Comparative Evaluation of Feature Representation Techniques for Hate Speech Detection in Social Media Text
Main Article Content
Abstract
Social media platforms generate an enormous volume of short and highly dynamic textual content, much of which is posted without effective moderation. Although several computational approaches have been proposed for analyzing social media data, reliable hate speech detection remains difficult because model performance is strongly influenced by the quality of feature representation. This study examines the impact of multiple feature extraction techniques on a deep learning model for hate speech classification. Five feature representation methods—bi-gram features, part-of-speech (PoS) features, count vectorization, TF-IDF features, and word embeddings—were implemented and evaluated using a Sequential Convolutional Neural Network (SCNN). The models were assessed on a publicly available hate speech detection dataset through comparative experimental analysis.
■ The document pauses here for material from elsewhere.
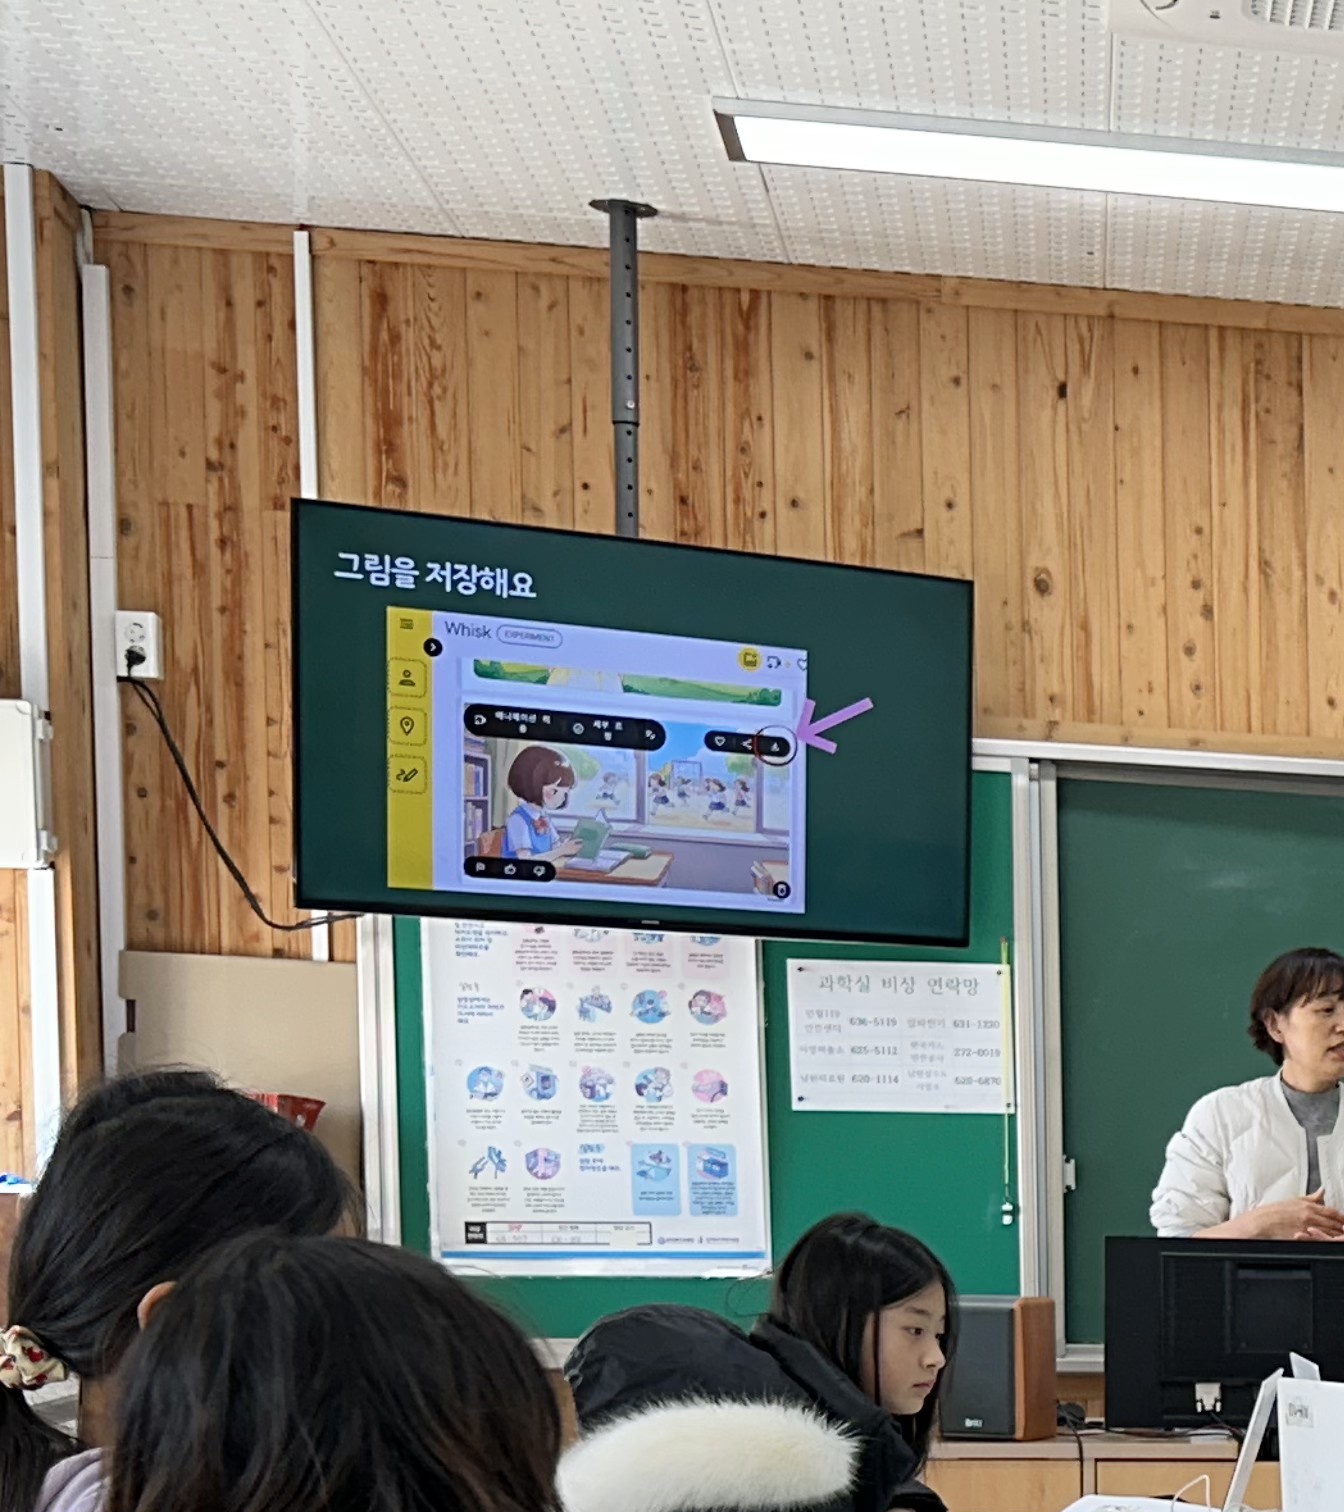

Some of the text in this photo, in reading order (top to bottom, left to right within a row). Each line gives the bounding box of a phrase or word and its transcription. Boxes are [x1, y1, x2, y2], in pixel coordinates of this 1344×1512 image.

[334, 552, 537, 599] 그림을 저장해요
[444, 620, 492, 640] Whisk
[819, 974, 979, 996] 과학실 비상 연락망
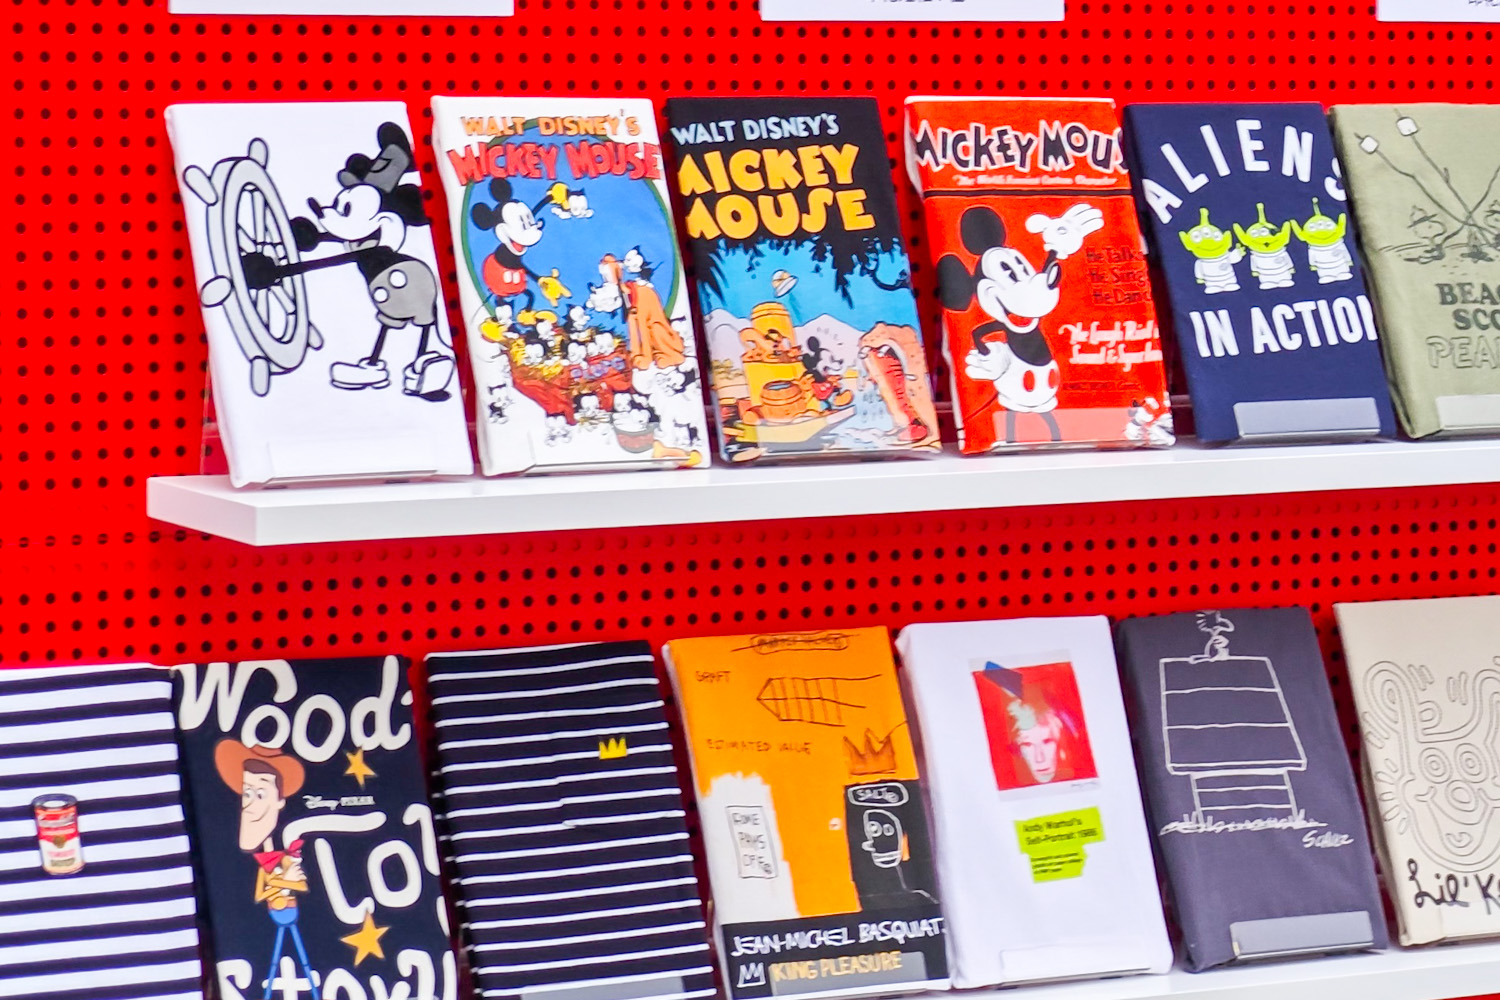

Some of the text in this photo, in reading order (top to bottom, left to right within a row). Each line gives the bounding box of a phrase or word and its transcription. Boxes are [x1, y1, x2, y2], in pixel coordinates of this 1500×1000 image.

The findings indicate that count vectorizer and TF-IDF representations achieve superior training and validation accuracy, while changes in feature dimensionality significantly influence classification performance. The results also show that higher-dimensional feature spaces increase computational cost in terms of memory usage and execution time. Overall, the study highlights the importance of word-level textual information in the classification of short social media posts. . Based on these observations, future work will focus on designing a richer feature descriptor to further improve hate speech detection in short-text environments.